=== Material for this task ===
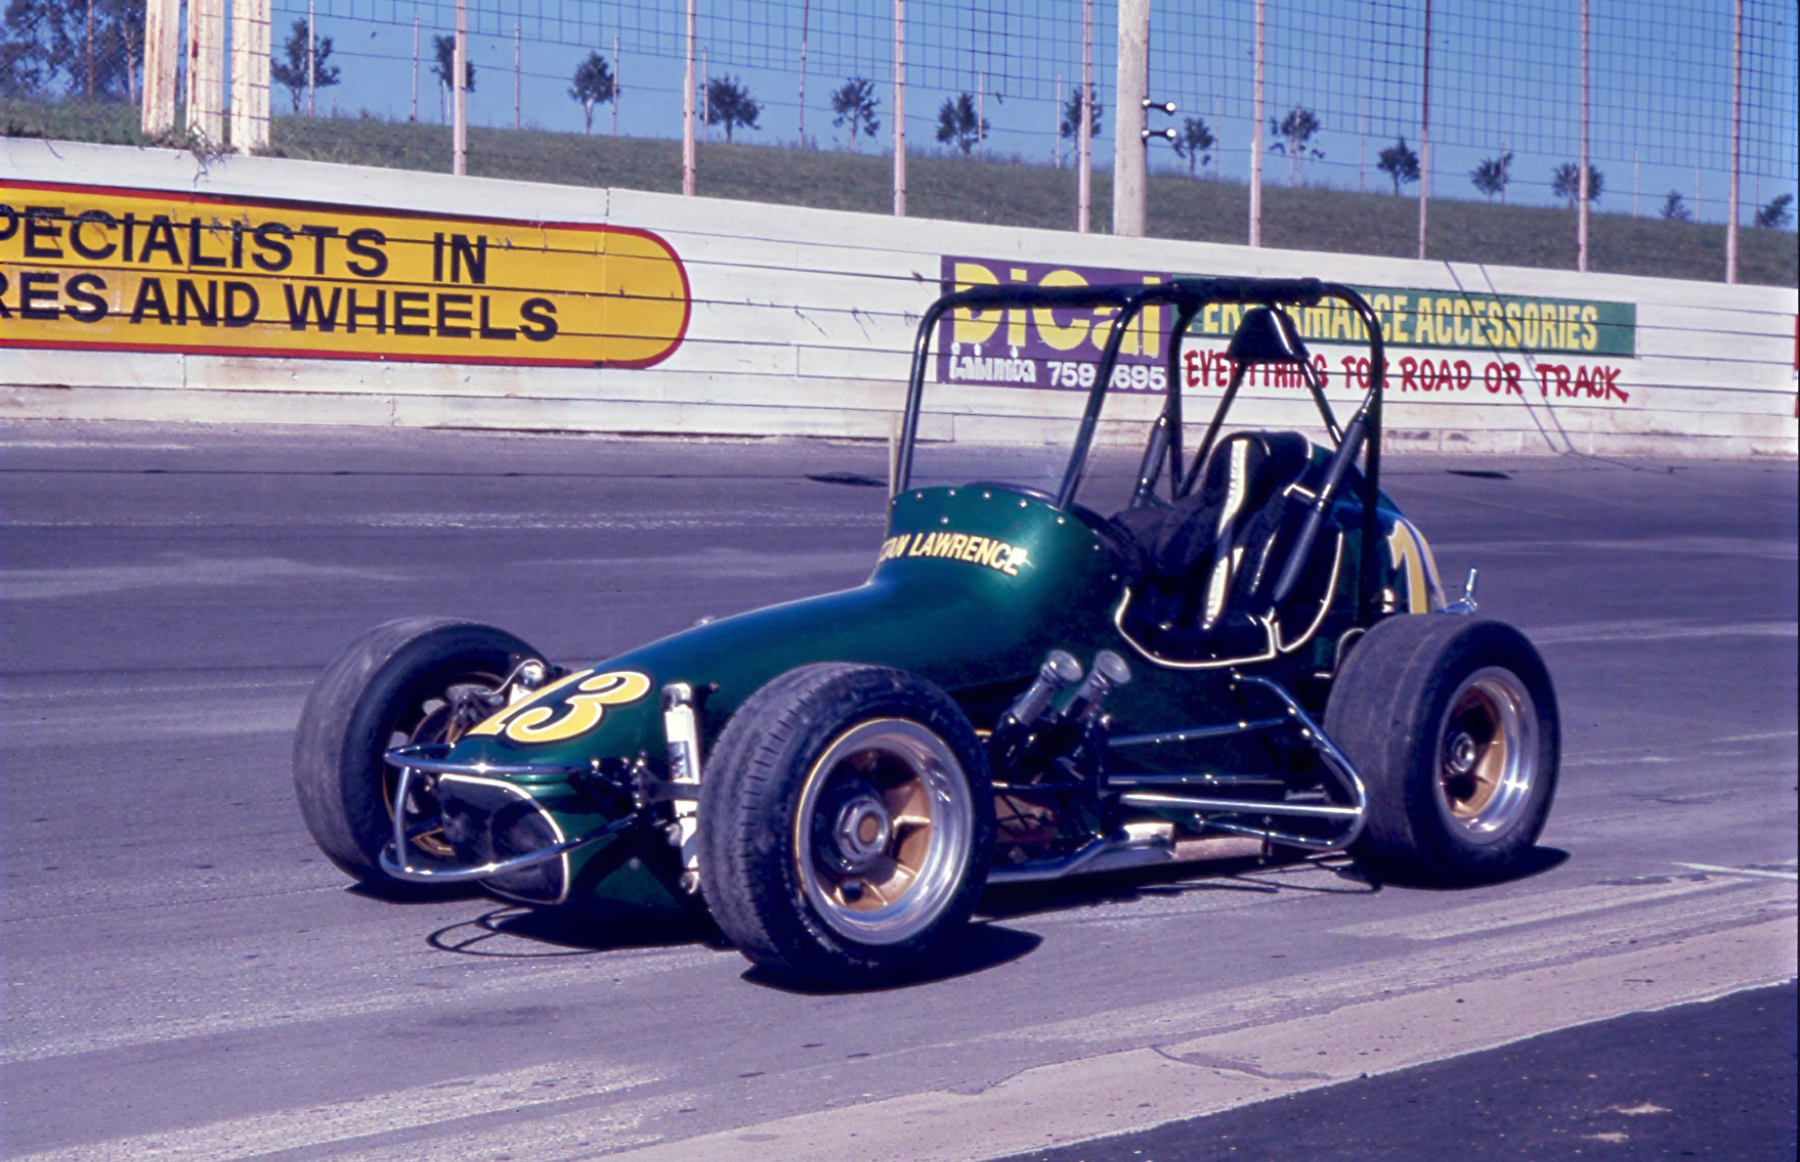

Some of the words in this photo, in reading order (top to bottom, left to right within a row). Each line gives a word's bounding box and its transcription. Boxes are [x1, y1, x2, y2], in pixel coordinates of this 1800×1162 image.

[433, 232, 487, 285] IN
[129, 277, 261, 328] AND
[282, 284, 559, 342] WHEELS
[1414, 296, 1598, 351] ACCESSORIES
[1399, 356, 1472, 392] ROAD
[1484, 361, 1524, 395] OR
[1535, 363, 1630, 404] TRACK
[907, 532, 1028, 576] LAWRENCE
[466, 669, 651, 742] 13
===
* Exercise *
An exact copy of every record above is needed, with all pictures left out.

* Completed exercise *
Some of the words in this photo, in reading order (top to bottom, left to right within a row). Each line gives a word's bounding box and its transcription. Boxes are [x1, y1, x2, y2], in pixel coordinates of this 1800×1162 image.

[433, 232, 487, 285] IN
[129, 277, 261, 328] AND
[282, 284, 559, 342] WHEELS
[1414, 296, 1598, 351] ACCESSORIES
[1399, 356, 1472, 392] ROAD
[1484, 361, 1524, 395] OR
[1535, 363, 1630, 404] TRACK
[907, 532, 1028, 576] LAWRENCE
[466, 669, 651, 742] 13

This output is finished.